[Records from a collection]

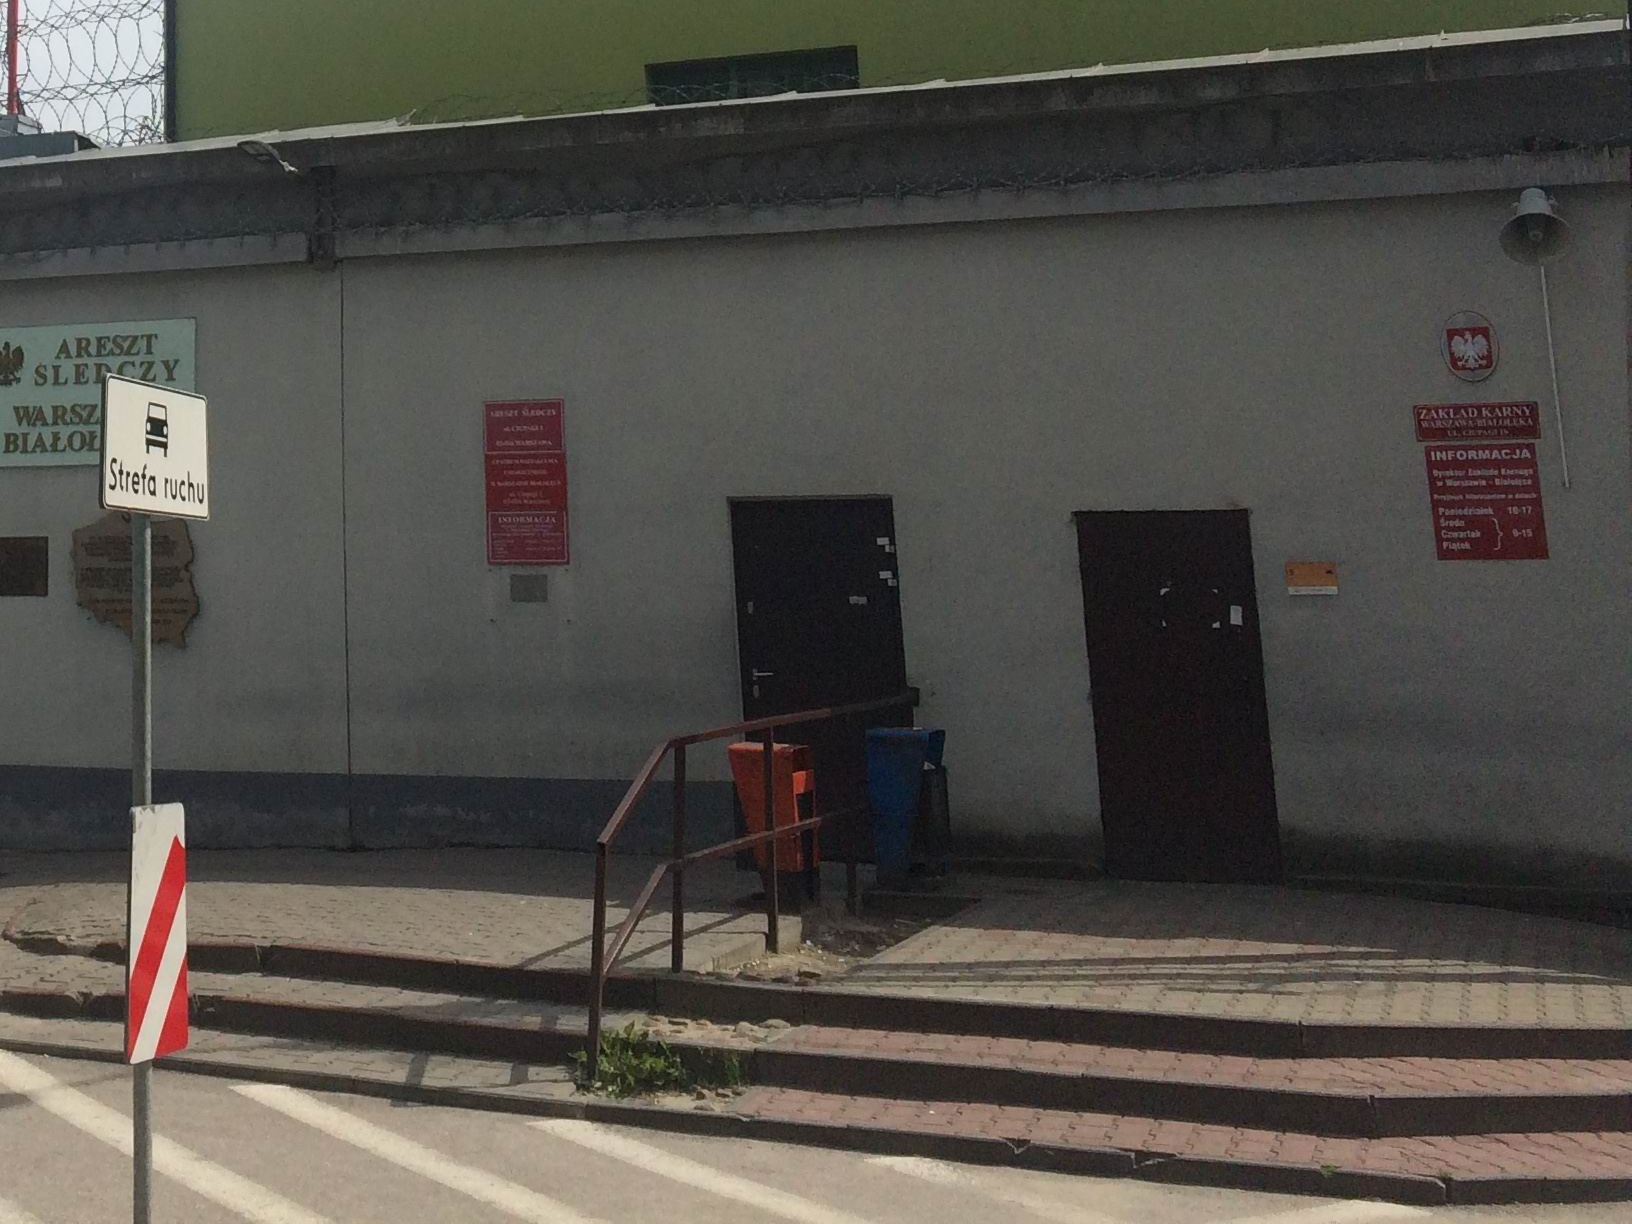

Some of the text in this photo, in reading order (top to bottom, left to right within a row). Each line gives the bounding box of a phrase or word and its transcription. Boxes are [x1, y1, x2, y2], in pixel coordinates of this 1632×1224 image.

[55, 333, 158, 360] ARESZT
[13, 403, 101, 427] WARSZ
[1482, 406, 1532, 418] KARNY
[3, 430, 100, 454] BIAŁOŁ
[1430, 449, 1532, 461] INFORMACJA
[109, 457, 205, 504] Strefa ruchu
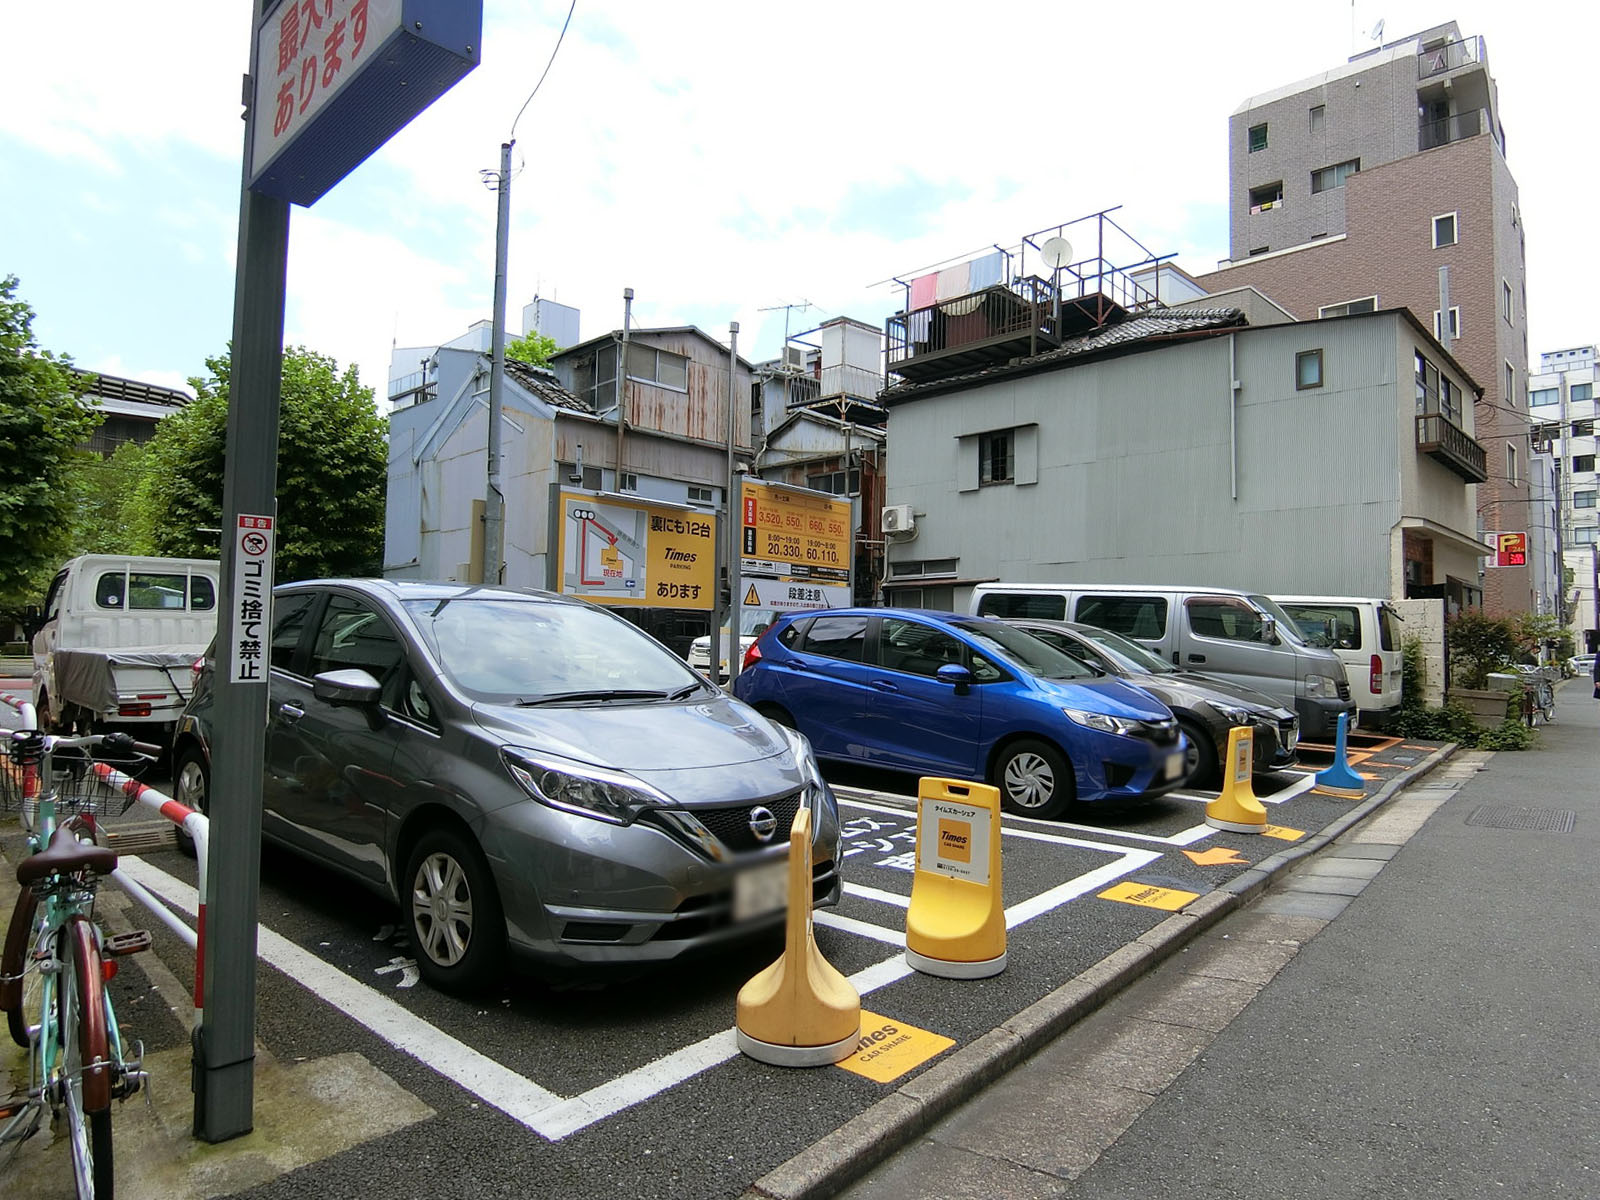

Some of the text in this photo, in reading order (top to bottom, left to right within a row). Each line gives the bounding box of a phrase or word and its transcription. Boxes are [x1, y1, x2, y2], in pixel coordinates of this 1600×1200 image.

* [What is required]: Leave the pictures out, then print every entry exactly as it reads.

* [Task response]:
Some of the text in this photo, in reading order (top to bottom, left to right within a row). Each line gives the bounding box of a phrase or word and its transcription. Boxes are [x1, y1, x2, y2], in pixel coordinates of this 1632×1224 image.

[55, 333, 158, 360] ARESZT
[13, 403, 101, 427] WARSZ
[1482, 406, 1532, 418] KARNY
[3, 430, 100, 454] BIAŁOŁ
[1430, 449, 1532, 461] INFORMACJA
[109, 457, 205, 504] Strefa ruchu

Some of the text in this photo, in reading order (top to bottom, left to right within a row). Each line gives the bounding box of a phrase or word and its transcription. Boxes are [x1, y1, x2, y2], in pixel coordinates of this 1600×1200 image.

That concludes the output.